Main events on August 7th
- Israeli Prime Minister Benjamin Netanyahu said Israel would ‘take control of all Gaza,’ in a television interview, adding that Israel did not want to oversee governing responsibilities and would hand them over to an unspecified third party.
- The number of Palestinians who have starved to death due to Israel’s brutal siege on Gaza rose to 197 people, including 96 children. The WHO says that about 12,000 children in Gaza under the age of five were acutely malnourished at the end of July, the highest number on record.
- The Lebanese government approved a US-backed proposal to disarm the paramilitary group Hezbollah by the end of the year. Hezbollah officials said it would not disarm before Israeli forces, still occupying Lebanese territory in defiance of a truce agreement, left the country.
- The rights watchdog Human Rights Watch released a report stating that Israel has carried out hundreds of attacks on schools sheltering displaced people in Gaza since the beginning of the war, including “unlawfully indiscriminate” strikes with US-provided munitions.
Netanyahu appears ‘lost’ despite series of victories
He’s lost. Netanyahu has been used to winning battles and having superior military force. He’s been able to maintain a coalition government during war, divide the opposition, control the various wings of the government, maintain US support and win wars in a dozen days throughout the region.
But when it comes to Gaza, despite the fact that he’s killed anywhere between 60,000 and 120,000 people, displaced some 2 million people, destroyed more than 90 percent of the Strip, he’s still not able to declare victory, he’s still not able to impose a ceasefire, and he still doesn’t have an exit strategy.

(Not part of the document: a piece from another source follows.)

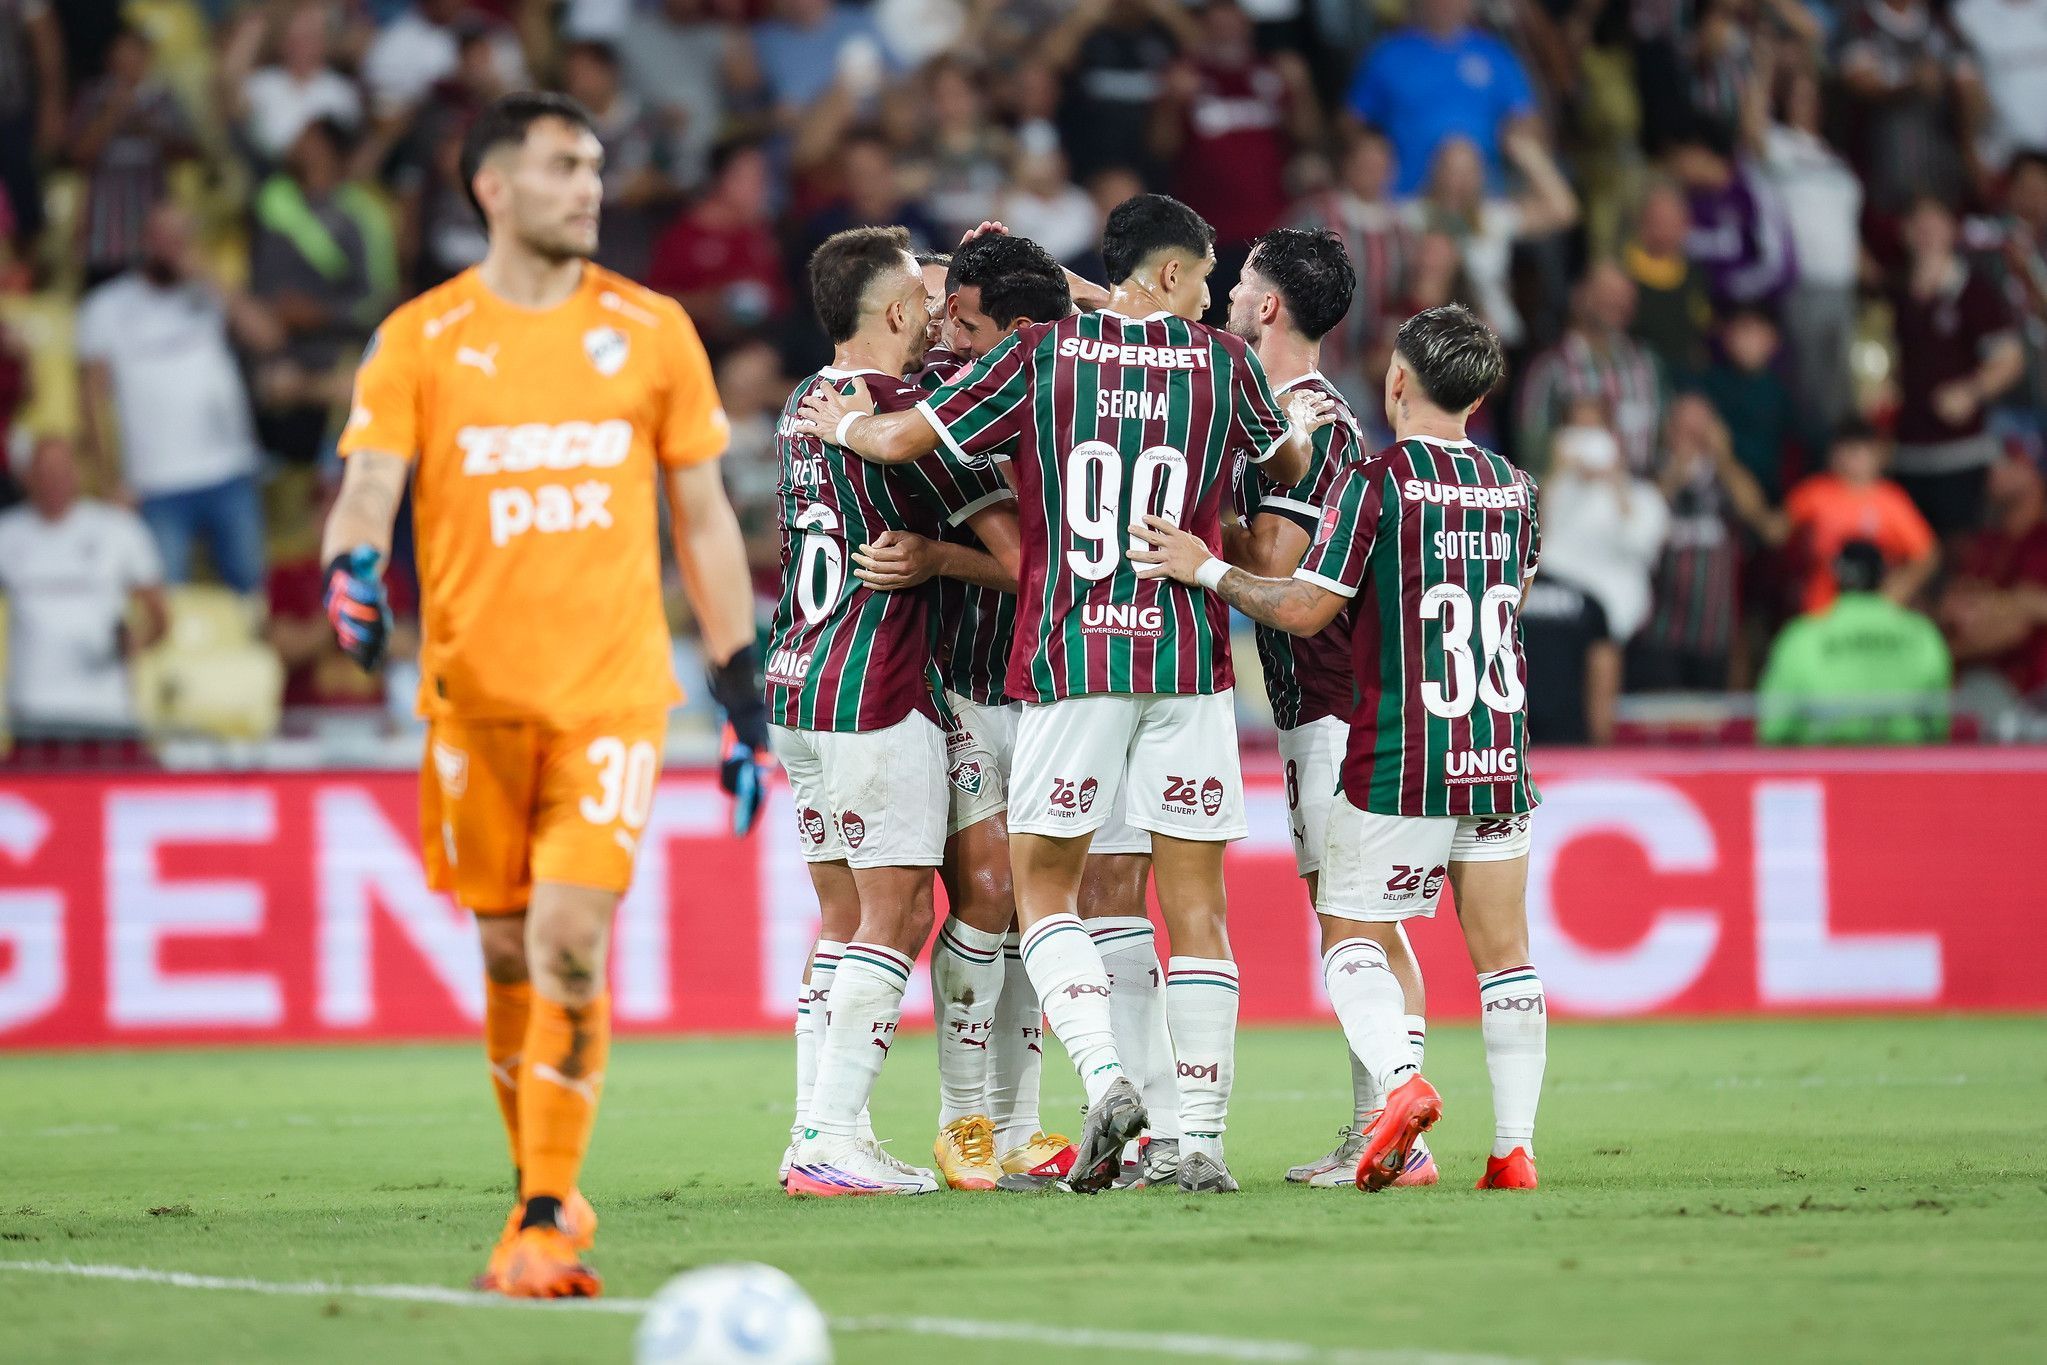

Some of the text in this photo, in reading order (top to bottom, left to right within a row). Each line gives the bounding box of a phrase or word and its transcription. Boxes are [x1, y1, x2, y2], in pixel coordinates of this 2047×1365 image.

What does he do? If he pulls out now, he’s going to be seen as the man who destroyed Gaza but was not able to bring security because Hamas still survived, is still functioning, and will take control of Gaza the next day. If he stays, he’s going to have the wrath of his generals who have been warning him ever since the withdrawal of troops in 2005 that the Israeli military does not want to get involved in an occupation on the ground in Gaza.